======== INPUT

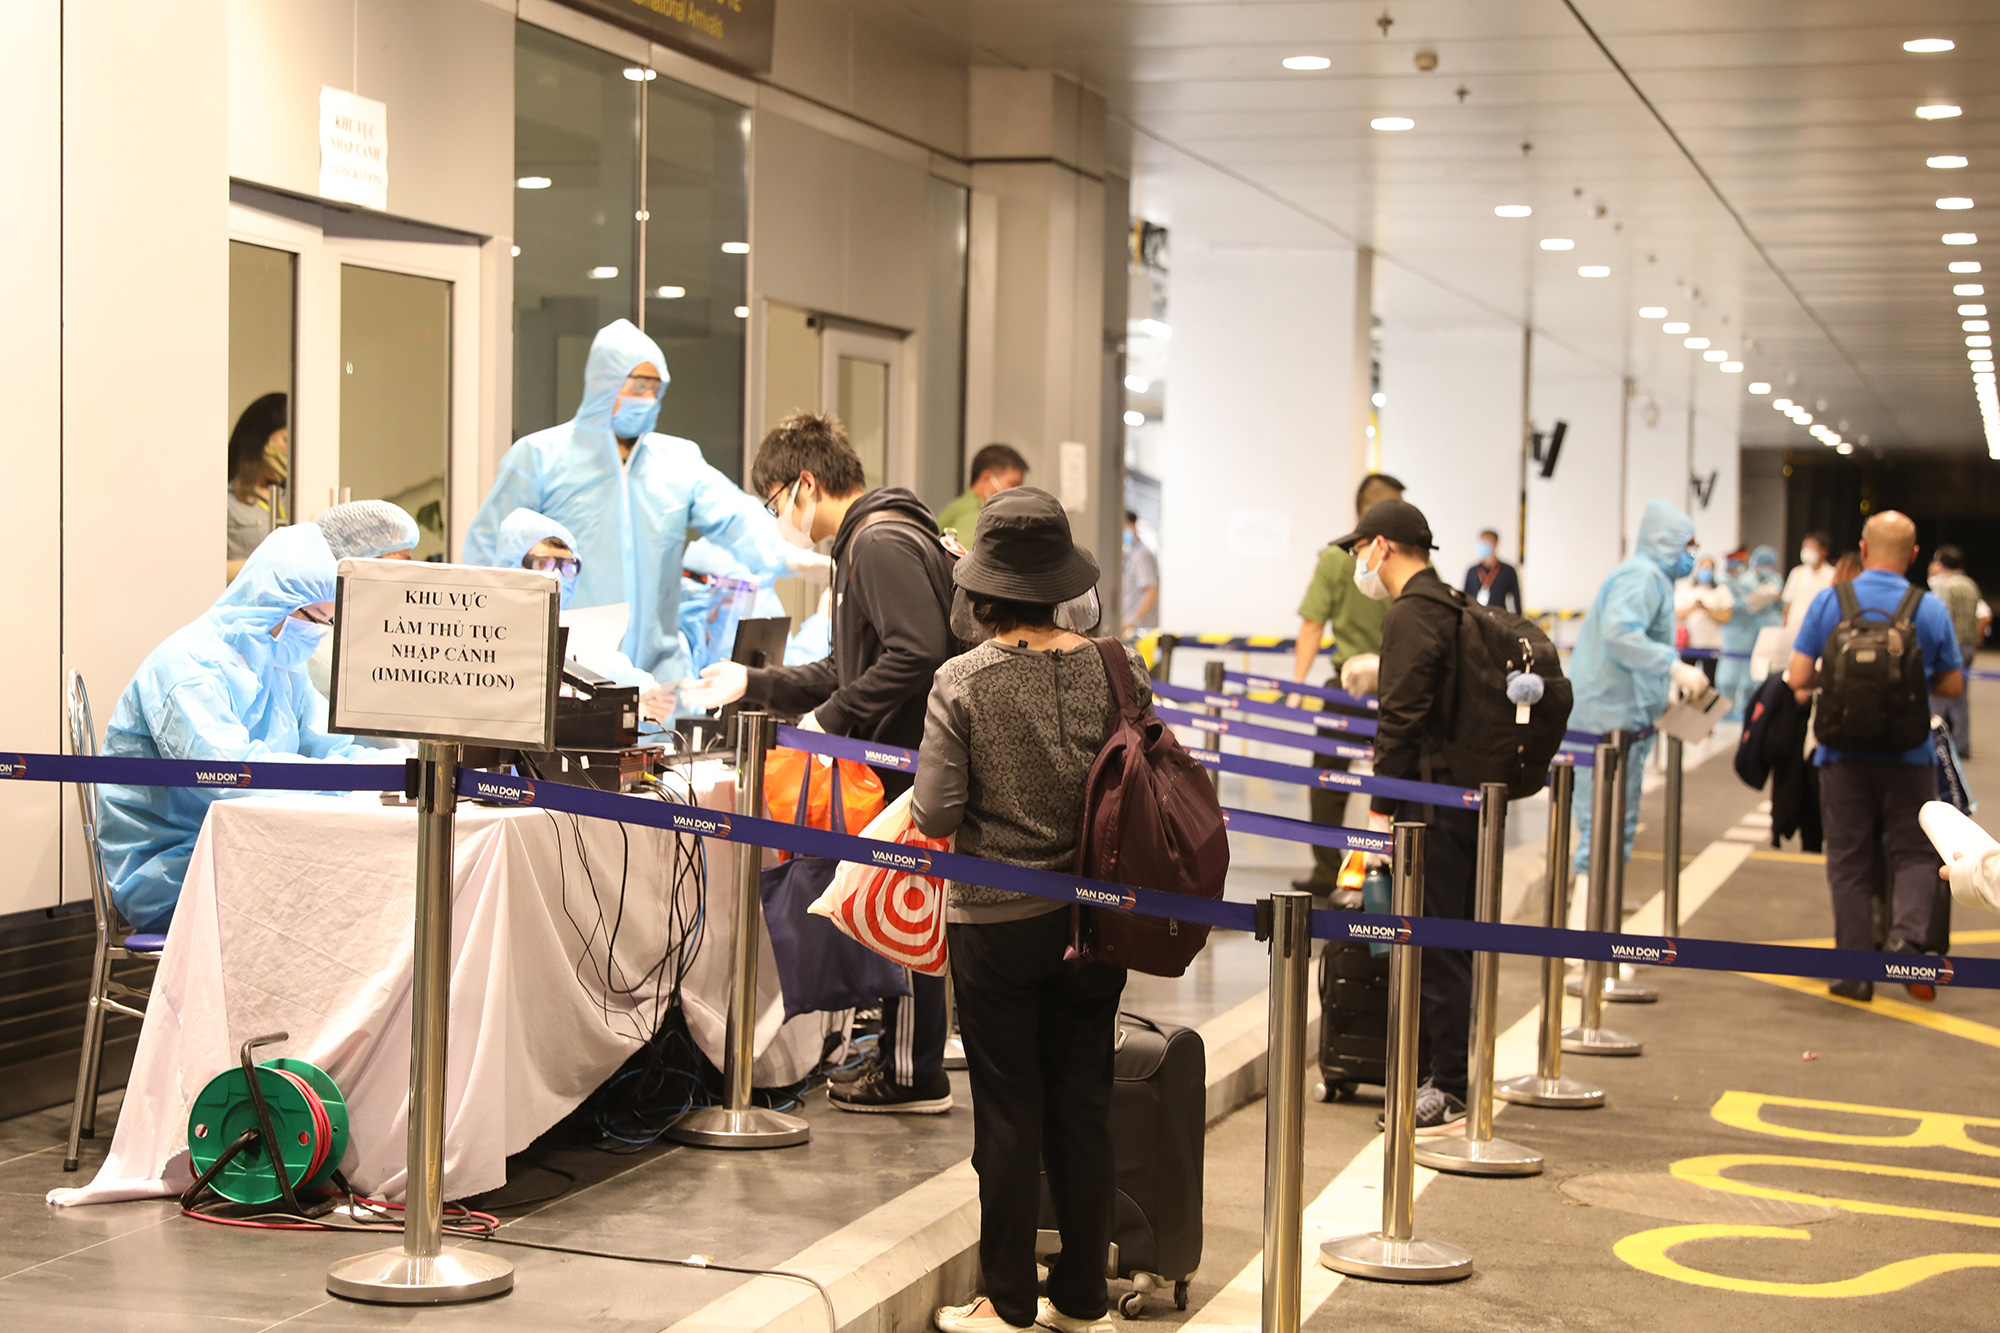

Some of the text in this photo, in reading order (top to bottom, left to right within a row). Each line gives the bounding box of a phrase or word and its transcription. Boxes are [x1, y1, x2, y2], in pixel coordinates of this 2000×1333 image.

[405, 590, 487, 611] KHU VỰC
[384, 616, 507, 643] LÀM THỦ TỤC
[391, 643, 496, 664] NHẬP CẢNH
[372, 666, 515, 692] (IMMIGRATION)
[865, 750, 881, 760] VAN
[882, 753, 899, 764] DON
[0, 764, 12, 772] ON
[196, 772, 237, 781] VAN DON
[478, 782, 520, 797] VAN DON
[673, 815, 716, 830] VAN DON
[1347, 836, 1364, 846] VAN
[1365, 838, 1383, 848] DON
[872, 850, 916, 866] VAN DON
[1075, 887, 1120, 903] VAN DON
[1348, 924, 1395, 937] VAN DON
[1611, 945, 1660, 958] VAN DON
[1885, 964, 1936, 978] VAN DON
[1612, 1090, 2000, 1297] BUS

================

What is needed is the data above, retyped exactly, with every picture left out.

Some of the text in this photo, in reading order (top to bottom, left to right within a row). Each line gives the bounding box of a phrase or word and its transcription. Boxes are [x1, y1, x2, y2], in pixel coordinates of this 2000×1333 image.

[405, 590, 487, 611] KHU VỰC
[384, 616, 507, 643] LÀM THỦ TỤC
[391, 643, 496, 664] NHẬP CẢNH
[372, 666, 515, 692] (IMMIGRATION)
[865, 750, 881, 760] VAN
[882, 753, 899, 764] DON
[0, 764, 12, 772] ON
[196, 772, 237, 781] VAN DON
[478, 782, 520, 797] VAN DON
[673, 815, 716, 830] VAN DON
[1347, 836, 1364, 846] VAN
[1365, 838, 1383, 848] DON
[872, 850, 916, 866] VAN DON
[1075, 887, 1120, 903] VAN DON
[1348, 924, 1395, 937] VAN DON
[1611, 945, 1660, 958] VAN DON
[1885, 964, 1936, 978] VAN DON
[1612, 1090, 2000, 1297] BUS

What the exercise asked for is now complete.